Mamadou Diallo

Personal information
- Full name: Mamadou Lamarana Diallo
- Date of birth: 19 September 1994 (age 31)
- Place of birth: Yeumbeul, Dakar, Senegal
- Height: 1.77 m (5 ft 10 in)
- Position: Forward

Team information
- Current team: Panargiakos
- Number: 19

Youth career
- 0000–2013: Dakar Sacré-Cœur

Senior career*
- Years: Team / Apps / (Gls)
- 2013–2015: Sochaux II / 61 / (11)
- 2013–2014: Sochaux / 2 / (0)
- 2015–2017: Arras / 40 / (12)
- 2017–2018: Croix / 25 / (6)
- 2018–2020: Créteil / 44 / (13)
- 2018: Créteil II / 1 / (0)
- 2020–2022: Grenoble / 57 / (6)
- 2023: Vilafranquense / 2 / (0)
- 2024: Anadia / 4 / (1)
- 2024–: Panargiakos / 18 / (2)

International career^{‡}
- 2022–: Guinea / 1 / (0)

= Mamadou Diallo (footballer, born 1994) =

Guinean professional footballer

Mamadou Lamarana Diallo (born 19 September 1994) is a professional footballer who plays as a forward for Greek club Panargiakos in the Super League Greece 2. Born in Senegal, he plays for the Guinea national team.

==Professional career==
Diallo was a youth product of Dakar Sacré-Cœur in Senegal, before being spotted and recruited by Sochaux.

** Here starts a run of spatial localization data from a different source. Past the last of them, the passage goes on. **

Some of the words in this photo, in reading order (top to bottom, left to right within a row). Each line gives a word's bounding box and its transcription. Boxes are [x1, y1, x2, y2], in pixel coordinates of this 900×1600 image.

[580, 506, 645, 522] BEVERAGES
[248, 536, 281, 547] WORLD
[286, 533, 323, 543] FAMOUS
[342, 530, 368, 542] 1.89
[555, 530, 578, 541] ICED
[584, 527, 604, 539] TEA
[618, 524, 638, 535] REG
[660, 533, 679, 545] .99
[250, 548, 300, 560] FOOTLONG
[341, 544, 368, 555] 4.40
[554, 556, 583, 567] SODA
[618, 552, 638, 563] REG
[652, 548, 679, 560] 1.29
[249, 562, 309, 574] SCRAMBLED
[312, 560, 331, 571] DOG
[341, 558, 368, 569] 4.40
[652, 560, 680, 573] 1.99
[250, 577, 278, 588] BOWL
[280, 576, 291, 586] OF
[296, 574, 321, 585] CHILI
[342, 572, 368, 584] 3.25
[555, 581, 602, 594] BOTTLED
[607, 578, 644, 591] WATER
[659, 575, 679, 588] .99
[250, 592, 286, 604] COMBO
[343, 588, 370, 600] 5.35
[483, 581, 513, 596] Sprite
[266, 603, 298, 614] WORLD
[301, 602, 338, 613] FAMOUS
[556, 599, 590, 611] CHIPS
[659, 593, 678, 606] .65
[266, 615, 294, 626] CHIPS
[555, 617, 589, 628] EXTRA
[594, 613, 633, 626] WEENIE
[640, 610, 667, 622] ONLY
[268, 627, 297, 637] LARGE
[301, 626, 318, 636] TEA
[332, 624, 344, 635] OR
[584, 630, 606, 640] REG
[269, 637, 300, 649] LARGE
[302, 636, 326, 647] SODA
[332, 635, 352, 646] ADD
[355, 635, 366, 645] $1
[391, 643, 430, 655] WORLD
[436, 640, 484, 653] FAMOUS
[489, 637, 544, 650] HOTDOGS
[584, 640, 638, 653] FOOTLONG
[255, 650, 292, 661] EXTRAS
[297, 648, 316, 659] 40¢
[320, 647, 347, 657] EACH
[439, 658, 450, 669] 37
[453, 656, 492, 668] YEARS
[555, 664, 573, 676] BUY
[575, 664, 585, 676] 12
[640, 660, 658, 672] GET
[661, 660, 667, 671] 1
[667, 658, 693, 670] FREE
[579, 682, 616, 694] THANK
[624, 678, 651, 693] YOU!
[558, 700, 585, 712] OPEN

Diallo made his professional debut with Sochaux in a 1-1 Ligue 1 tie with SC Bastia on 23 November 2013. After his stint at Sochaux, Diallo spent his early career in the amateur divisions of French football. On 7 May 2020, Diallo signed for Grenoble.

==International career==
Born in Senegal, Diallo holds Guinean nationality by descent. On 27 December 2021, the Guinean Football Federation announced that Diallo had decided to represent their national team and was included in Guinea's extended 2021 Africa Cup of Nations squad. He debuted with Guinea in a 1–0 2021 Africa Cup of Nations win over Malawi on 10 January 2022.